2008/04/30

ヴラマンク展@リュクサンブール美術館とドラクロワ@サン・シュルピス教会


リュクサンブール美術館

「ヤコブと天使の闘い」

「神殿を追われるヘリオドロス」

「悪魔を倒す天使長聖ミカエル」

周歩廊にあるチャペルでは、ビデオアートで「主の公現=エピファニー」が表現されていた。
左から星、イエス、東方三博士

 リュクサンブール美術館で開催中のフォービズムの画家ヴラマンクの展覧会を見ました。今年は、没後50周年を記念する展覧会のようでした。会場は、グランパレなどの大きな会場よりも小さめ、東京の文化村ぐらい広さで、油絵60点ほどと、陶芸作品、それと画家本人がコレクションしていたアフリカの彫刻で構成されていましたが、何かあっという間に終わってしまったかんじでした。(これで11ユーロは高いかな・・・)

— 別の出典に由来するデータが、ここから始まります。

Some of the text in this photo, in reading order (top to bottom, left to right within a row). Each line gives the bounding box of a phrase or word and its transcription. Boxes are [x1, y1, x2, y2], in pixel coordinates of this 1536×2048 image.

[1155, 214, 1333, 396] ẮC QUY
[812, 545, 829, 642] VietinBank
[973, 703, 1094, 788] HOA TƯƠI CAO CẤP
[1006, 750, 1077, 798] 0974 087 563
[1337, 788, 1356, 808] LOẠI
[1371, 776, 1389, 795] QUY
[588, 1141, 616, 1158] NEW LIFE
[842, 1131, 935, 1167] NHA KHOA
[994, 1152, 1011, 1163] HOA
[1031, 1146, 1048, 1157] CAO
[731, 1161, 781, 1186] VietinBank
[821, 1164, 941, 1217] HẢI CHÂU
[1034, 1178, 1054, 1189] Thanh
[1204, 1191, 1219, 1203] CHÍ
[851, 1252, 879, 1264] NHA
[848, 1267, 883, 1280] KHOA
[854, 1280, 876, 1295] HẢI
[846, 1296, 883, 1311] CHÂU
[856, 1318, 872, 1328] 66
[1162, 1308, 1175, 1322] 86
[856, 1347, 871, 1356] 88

 作品は、1900年から15年までの作品で、表現主義風からフォービズム、さらにはセザンヌを意識しつた構成的な画面に変容していく様が判る展示なのですが、そういった教科書的な視線はここでは放棄して、ヴラマンクの白色の使い方と、作品そのものの平面性について意識しながら見ました。独特な白色の使い方は、セザンヌを意識したあとのキュービスム的傾向の強い作品ぐらいから見られ、そこにこの画家のオリジナリティを感じました。さらに、フォービズムの荒々しい厚塗りの筆致から、だんだんと薄塗りになり、曖昧でぼかしのような画風に変化していく様は興味深かったです。また、パステルカラー的な色調の空虚さや、全体として不安感を誘う画面に独自性を感じました。


 ヴラマンクを見終わり、次にリュクサンブール美術館からすぐそばのところに、サン・シュルピス教会に行きました。ここには、入ってすぐ右のチャペル(聖天使礼拝堂)にドラクロワの壁画があることで知られています。向かって左側に、 「ヤコブと天使の闘い」、右側に「神殿を追われるヘリオドロス」天井には「悪魔を倒す天使長聖ミカエル」が描かれています。旧約聖書創世記からのシーンを描いたものですが、ドラクロワ最晩年の作品です。


 これらの絵は、美術館に納められることなく、信仰の場として飾られ続けるのでしょうか?観光客の多くは(きわめて偏向したものの言い方をすれば、おばかなアメリカ人観光客達)は、ダ・ヴィンチコードの史跡巡りに熱中して、この場を通り過ぎて行きます。美々の皆さんは、そんな観光客にならないで、貴重な絵画を是非見逃さないでください。